I numeri sono impietosi: dei 9600 professionisti impegnati sul territorio che erano previsti dal Decreto Rilancio, finora ne sono entrati in servizio solo il 12%. Solo 1.132 professionisti rispetto ai 9600 previsti!
Infermieri assunti in periodo Covid: il 72,6% è precario
Ma non solo… Per ciò che concerne le altre assunzioni in tempo di Covid, è bene ricordare che solo il 27,4% dei 32.000 infermieri reclutati è stato assunto in via definitiva, mentre il rimanente 72,6% versa nella precarietà più totale.
Il sindacato Fials, nella persona del segretario generale Giuseppe Carbone, non ci sta e ha vibratamente protestato per il fatto che gli infermieri siano trattati come “Lavoratori usa e getta: una cosa inaccettabile, non tolleriamo che chi prima è stato definito eroe, ora non meriti neanche un contratto stabile. Tanto più che c’è un’enorme carenza di infermieri e non è stata ancora potenziata l’assistenza domiciliare, centrale nel Pnrr”.
E ancora: “A tenere i cordoni della borsa chiusi sono state proprio le Regioni non assegnando le prestazioni aggiuntive, né corrispondendo in alcuni casi indennità e premialità. Così i professionisti non possono più andare avanti: spremuti e buttati via, è ora di finirla”.
La lettera di Fials alla Commissione Sanità del Senato
Il sindacato, in riferimento al progetto dell’infermiere di famiglia partito col freno a mano tirato, ha provato intanto a smuovere le acque per uscire da questo imbarazzante impasse, scrivendo una lettera alla Commissione Sanità del Senato (VEDI).
Nella missiva, Fials dichiara di aver apprezzato le proposte di legge n.1346 e n.1751 (di cui i senatori Mariniello e Boldrini sono stati i primi firmatari) e suggerisce di unificarle, sperando poi nell’approvazione di Camera e Senato per una “legge la cui spendibilità è realmente immediata” e il cui potenziale riformatore si dispiegherebbe nel rinnovo del Ccnl.
Per Carbone “Urge approvare quanto prima il Ddl sugli infermieri di famiglia per l’attuazione della Mission Salute del Recovery Plan e approntare un piano post pandemico che metta nero su bianco cifre stanziate e il personale da impiegare nel recupero dei 145 milioni di prestazioni ambulatoriali saltate, per non parlare dei 747 mila ricoveri di cui i cittadini non hanno potuto usufruire”.
‘Riaprire il paese sulle pelle degli infermieri? No!’
Perché “Non è concepibile riaprire il Paese senza prevedere un numero di professionisti congruo al ripristino delle attività ordinarie del Servizio sanitario nazionale e all’attuazione del Pnrr, sulla pelle di professionisti che hanno già speso tutte le proprie energie psicofisiche e neanche possono riprendere fiato”.

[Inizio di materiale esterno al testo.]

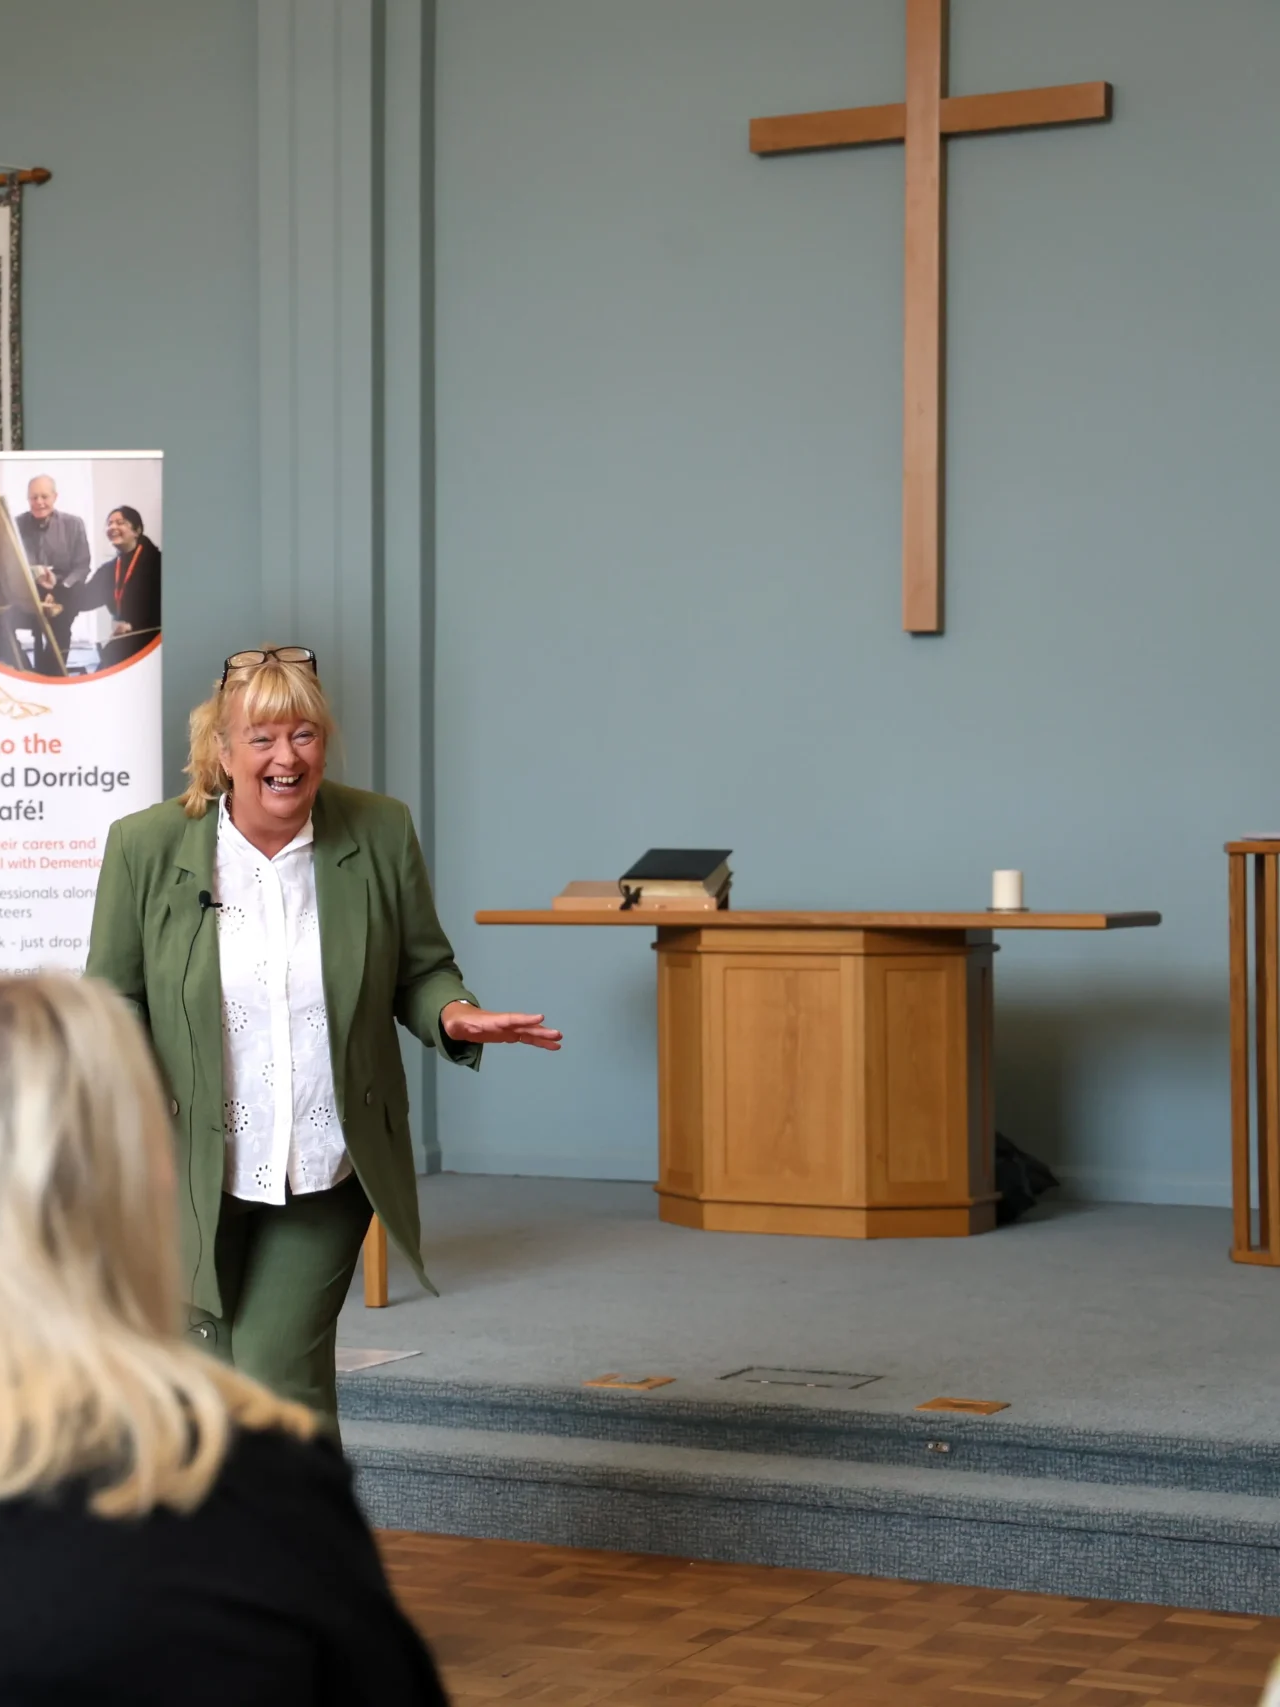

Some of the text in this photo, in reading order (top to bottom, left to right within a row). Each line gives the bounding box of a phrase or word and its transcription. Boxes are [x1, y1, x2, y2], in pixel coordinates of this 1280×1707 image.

[22, 732, 62, 755] the
[23, 766, 131, 793] Dorridge
[22, 838, 65, 851] carers
[68, 837, 97, 851] and
[7, 856, 36, 869] with
[19, 936, 45, 951] just
[49, 935, 83, 951] drop

Per Fials l’infermiere di famiglia e di comunità è la “massima espressione di autonomia e competenza della professione infermieristica” e per tale motivo rappresenta una figura che va individuata da una norma condivisa. Nella lettera è spiegato che questo non può essere “un infermiere neolaureato, bensì un infermiere che unisca all’esperienza professionale pluriennale una specifica formazione specialistica successiva alla laurea”.
‘Urge un piano assunzionale straordinario’
Quindi “non potrebbe che essere uno specifico incarico professionale come previsto dal vigente Ccnl del personale del Ssn”, evenienza che fa scartare l’ipotesi del libero professionista convenzionato “difficilmente configurabile nelle Case di comunità” del Piano Nazionale di Ripresa e Resilienza.
Una cosa è certa: SERVONO INFERMIERI, e tanti: “In questa ottica occorre intervenire senza perdere altro tempo con un piano assunzionale straordinario” conclude il segretario generale Fials. E se è vero che in sanità, come ha detto l’altro ieri il Ministro della Salute Speranza, “Dobbiamo chiudere la stagione dei tagli e aprire una e di grandi investimenti”… Possiamo essere finalmente ottimisti?